### RECORDED DATA
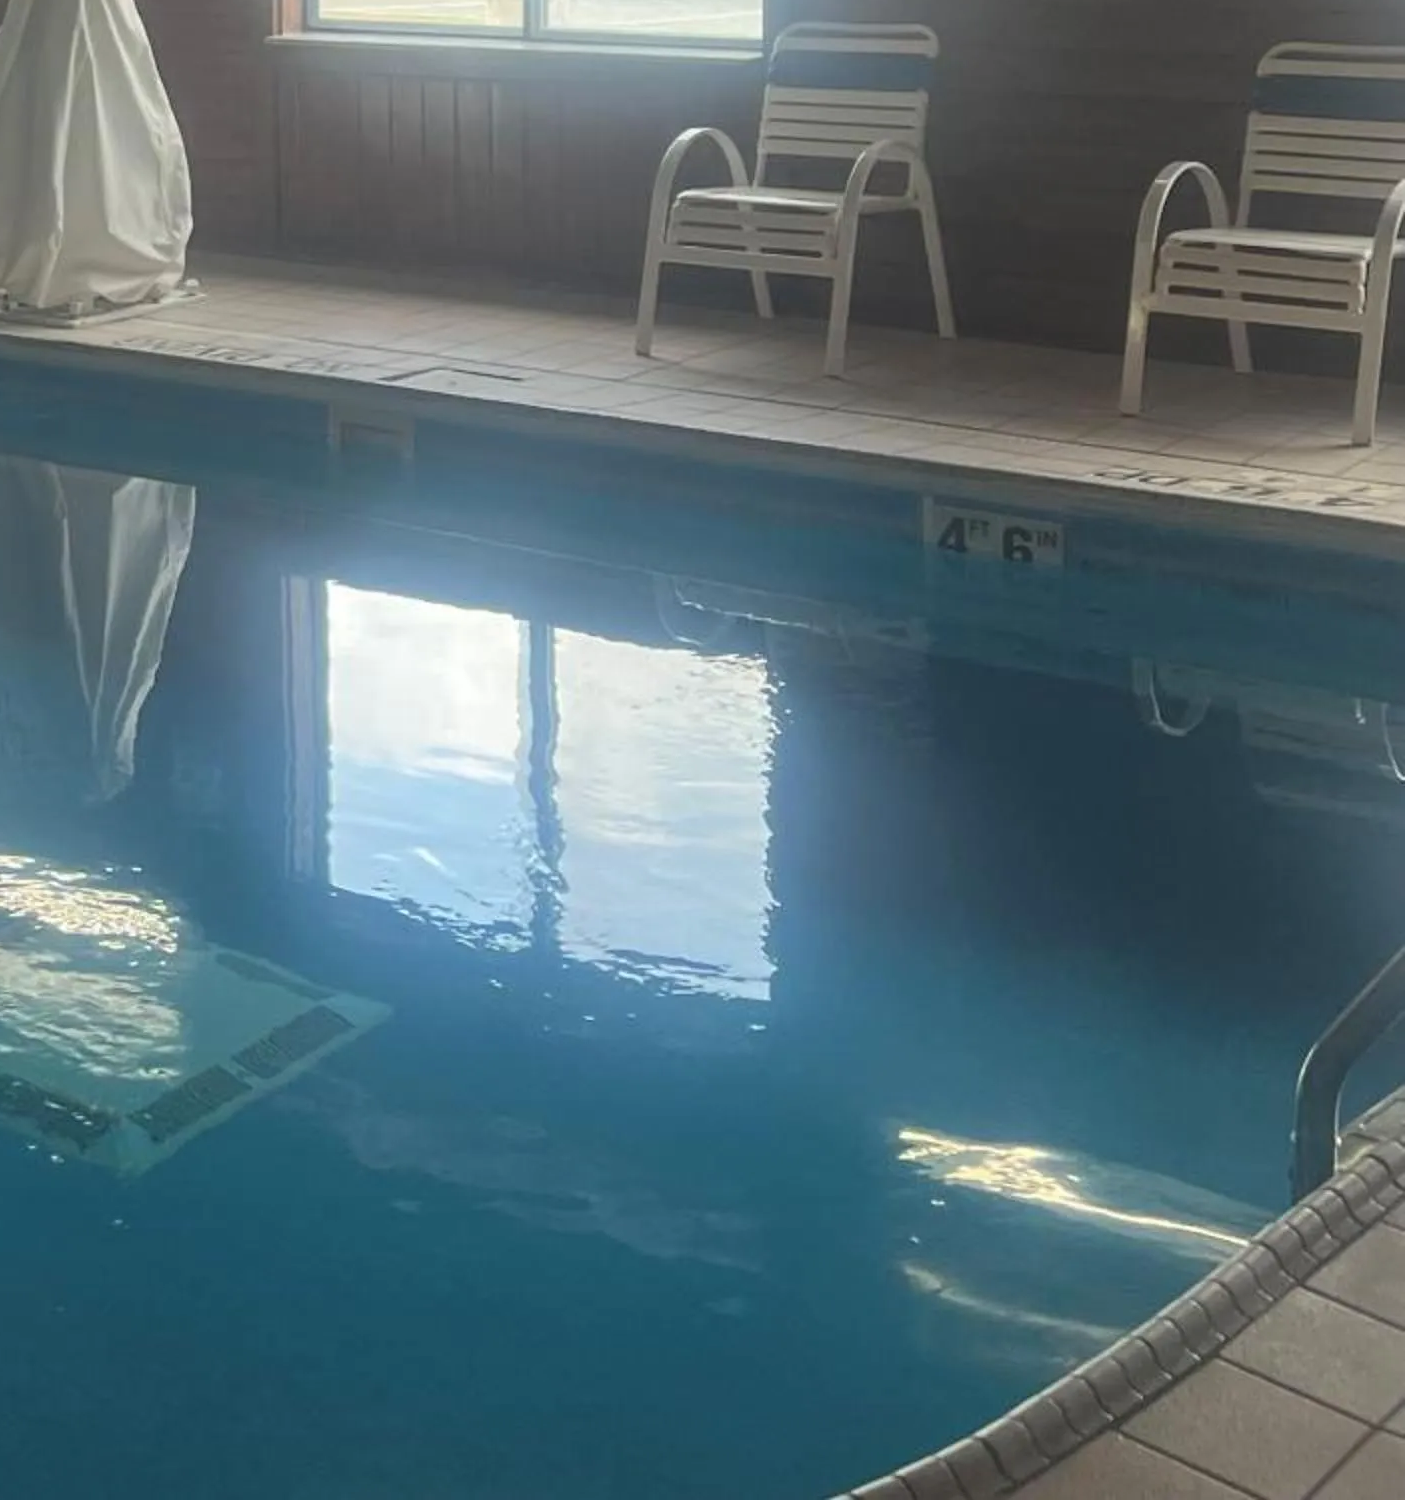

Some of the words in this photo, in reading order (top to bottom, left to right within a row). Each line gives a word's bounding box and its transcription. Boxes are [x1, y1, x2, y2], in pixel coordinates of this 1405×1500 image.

[937, 516, 968, 553] 4
[968, 519, 990, 542] FT
[1002, 525, 1034, 563] 6
[1035, 530, 1059, 550] IN
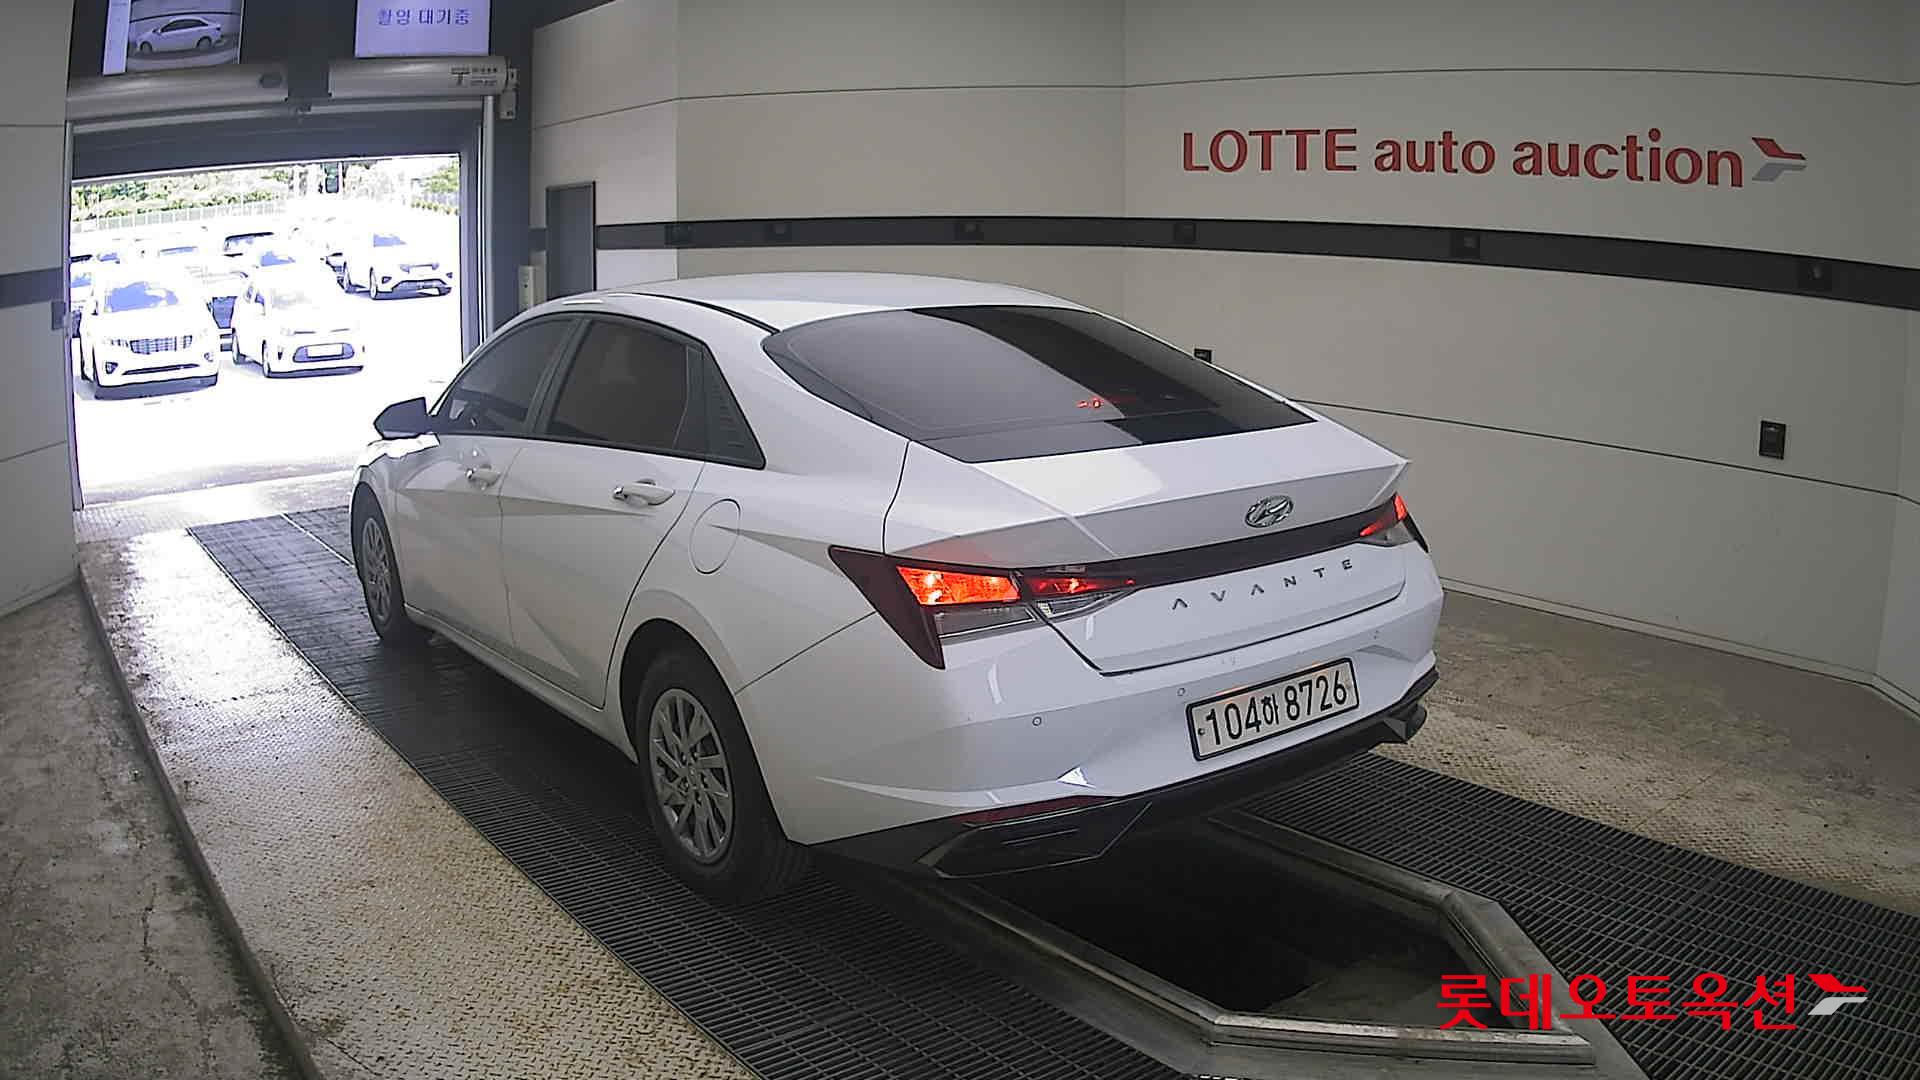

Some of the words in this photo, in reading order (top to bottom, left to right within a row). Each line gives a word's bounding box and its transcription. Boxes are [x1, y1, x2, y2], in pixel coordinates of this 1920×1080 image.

[418, 8, 471, 26] 대기중
[1184, 128, 1358, 173] LOTTE
[1374, 131, 1496, 175] auto
[1512, 128, 1744, 187] auction
[1171, 558, 1354, 611] AVANTE
[1284, 670, 1348, 722] 8726
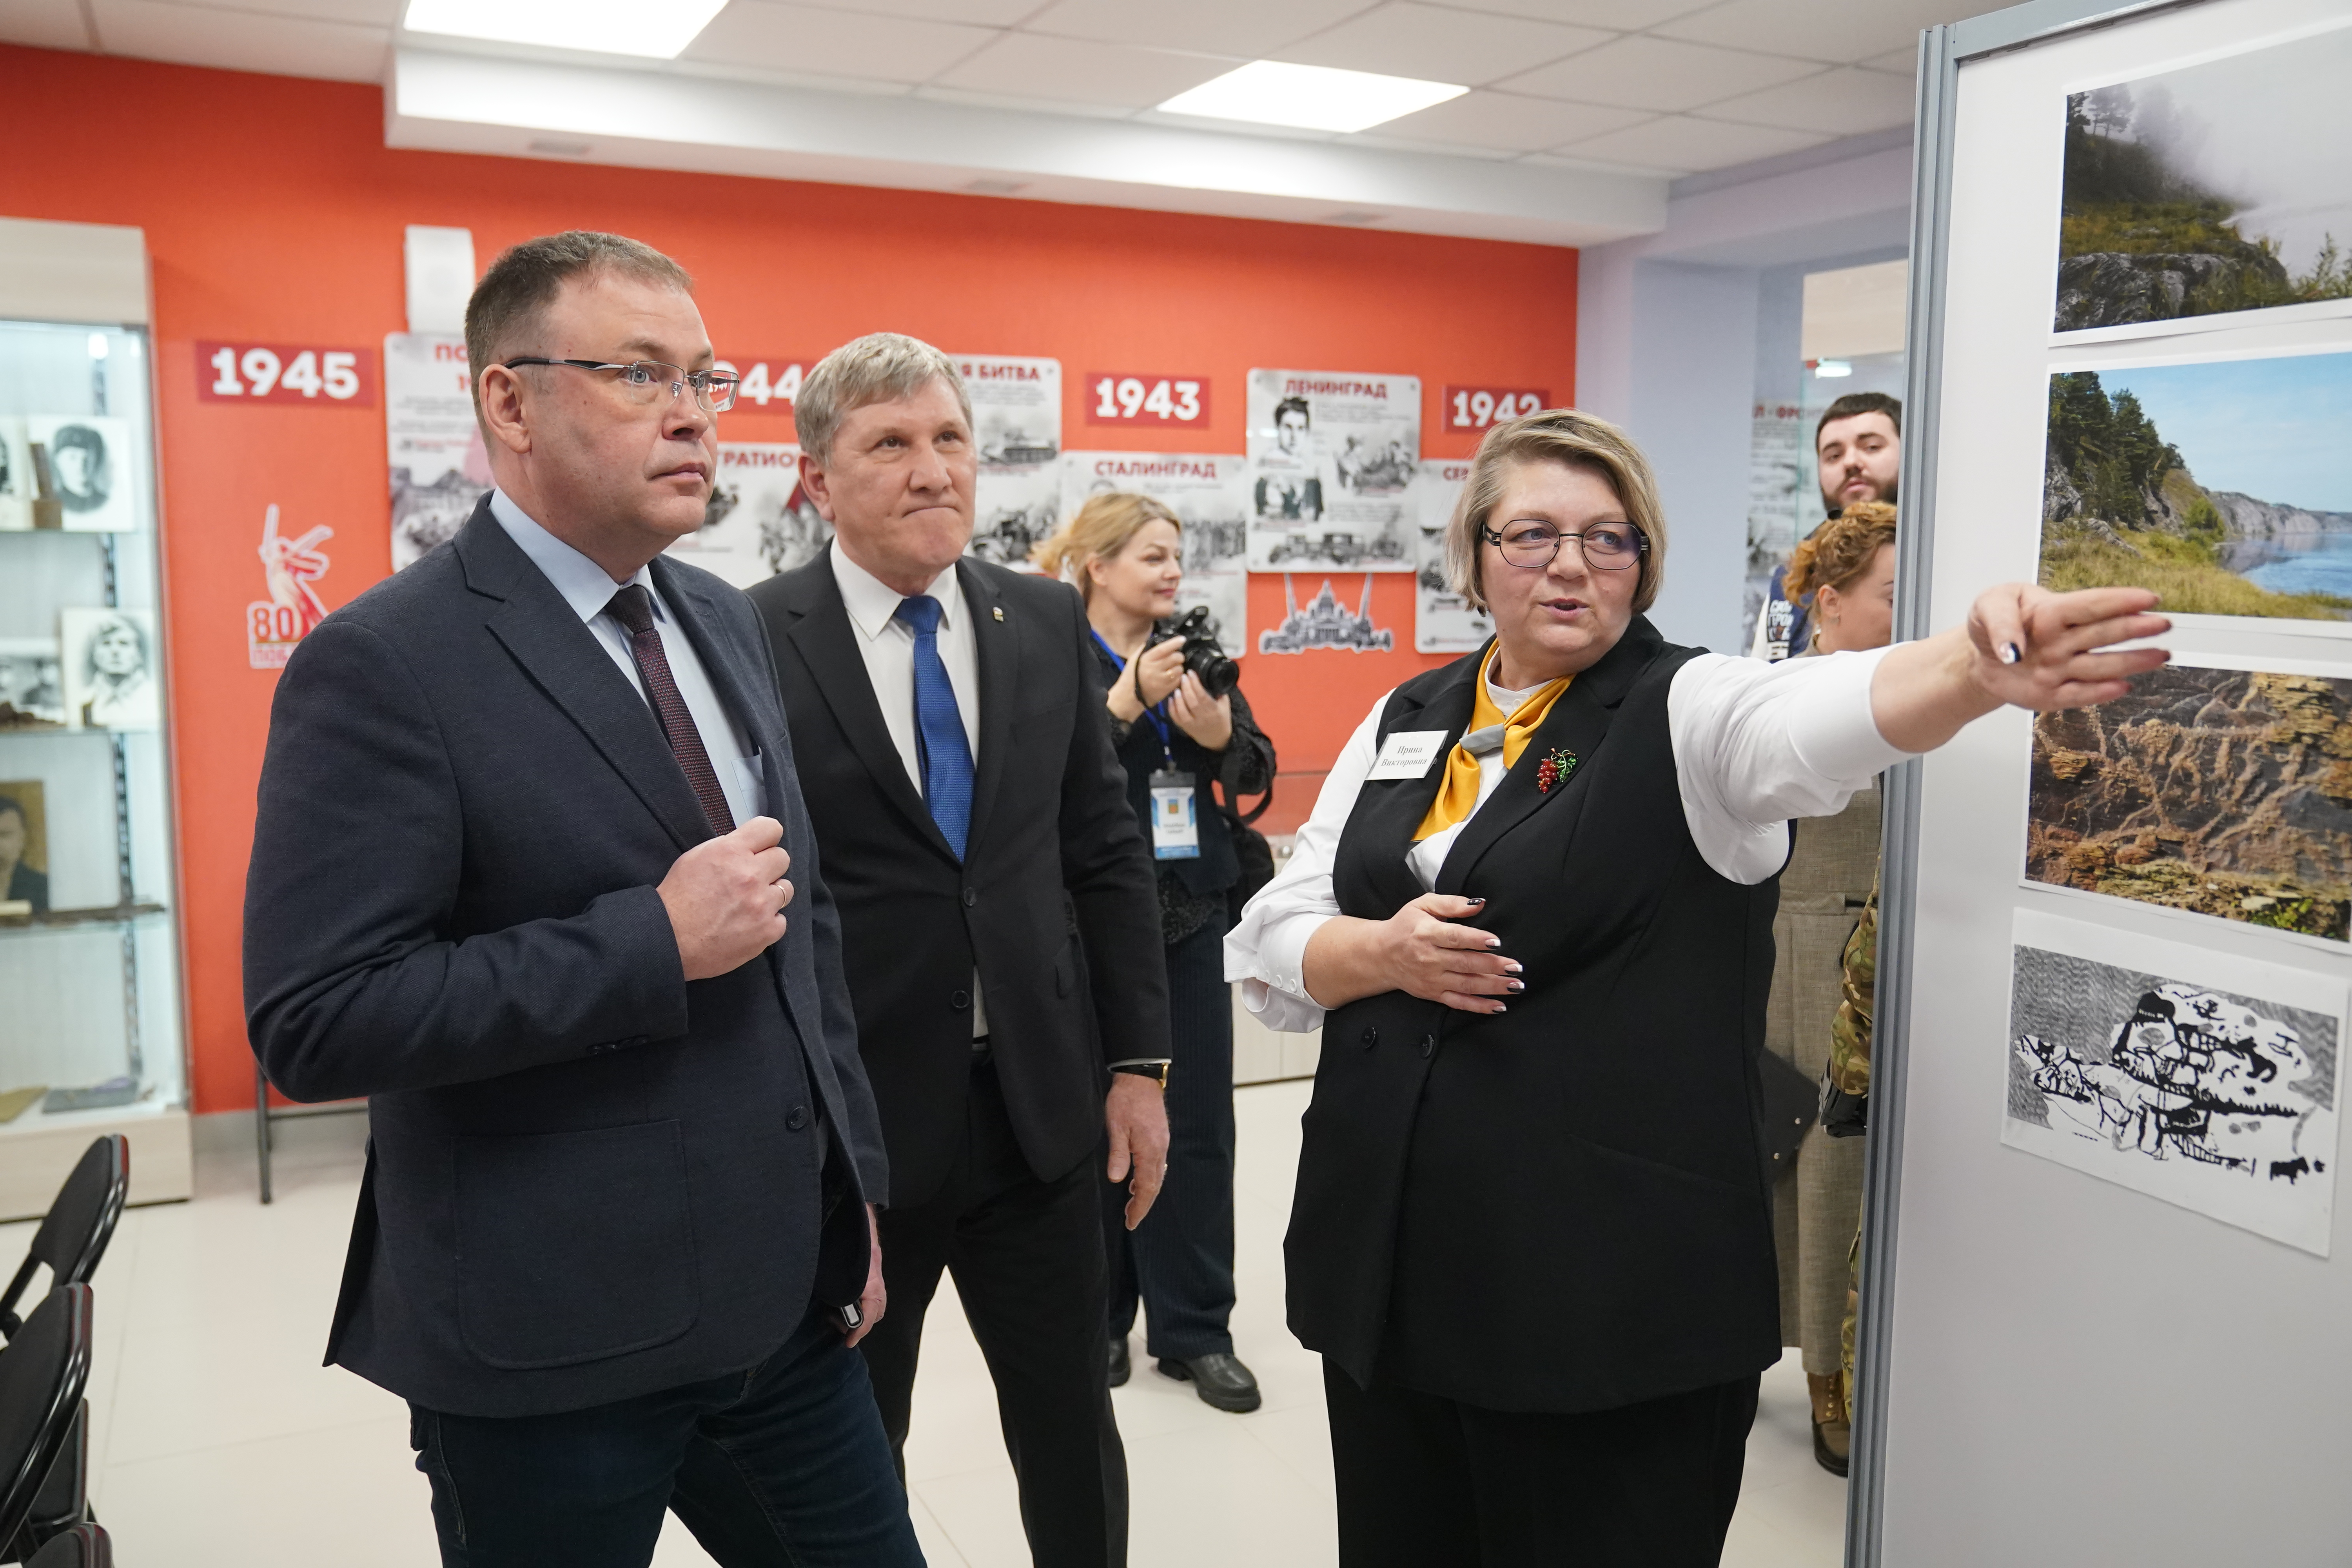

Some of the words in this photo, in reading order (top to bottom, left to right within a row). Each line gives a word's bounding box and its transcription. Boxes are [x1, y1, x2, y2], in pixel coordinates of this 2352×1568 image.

[436, 343, 470, 362] ПО
[211, 347, 359, 400] 1945
[979, 365, 1040, 382] БИТВА
[1286, 379, 1388, 399] ЛЕНИНГРАД
[1095, 377, 1200, 421] 1943
[1453, 390, 1541, 427] 1942
[1094, 461, 1217, 480] СТАЛИНГРАД
[253, 607, 293, 642] 80
[1397, 746, 1423, 755] Ирина
[1381, 759, 1427, 768] Викторовна

### WHAT YOU ARE ASKED TO DO
Give all the lines above again, character for character, without pictures.

### ANSWER SECTION
Some of the words in this photo, in reading order (top to bottom, left to right within a row). Each line gives a word's bounding box and its transcription. Boxes are [x1, y1, x2, y2], in pixel coordinates of this 1405×1500 image.

[937, 516, 968, 553] 4
[968, 519, 990, 542] FT
[1002, 525, 1034, 563] 6
[1035, 530, 1059, 550] IN

Some of the words in this photo, in reading order (top to bottom, left to right within a row). Each line gives a word's bounding box and its transcription. Boxes are [x1, y1, x2, y2], in pixel coordinates of this 1920×1080 image.

[418, 8, 471, 26] 대기중
[1184, 128, 1358, 173] LOTTE
[1374, 131, 1496, 175] auto
[1512, 128, 1744, 187] auction
[1171, 558, 1354, 611] AVANTE
[1284, 670, 1348, 722] 8726

Some of the words in this photo, in reading order (top to bottom, left to right within a row). Each line gives a word's bounding box and its transcription. Boxes are [x1, y1, x2, y2], in pixel coordinates of this 2352×1568 image.

[436, 343, 470, 362] ПО
[211, 347, 359, 400] 1945
[979, 365, 1040, 382] БИТВА
[1286, 379, 1388, 399] ЛЕНИНГРАД
[1095, 377, 1200, 421] 1943
[1453, 390, 1541, 427] 1942
[1094, 461, 1217, 480] СТАЛИНГРАД
[253, 607, 293, 642] 80
[1397, 746, 1423, 755] Ирина
[1381, 759, 1427, 768] Викторовна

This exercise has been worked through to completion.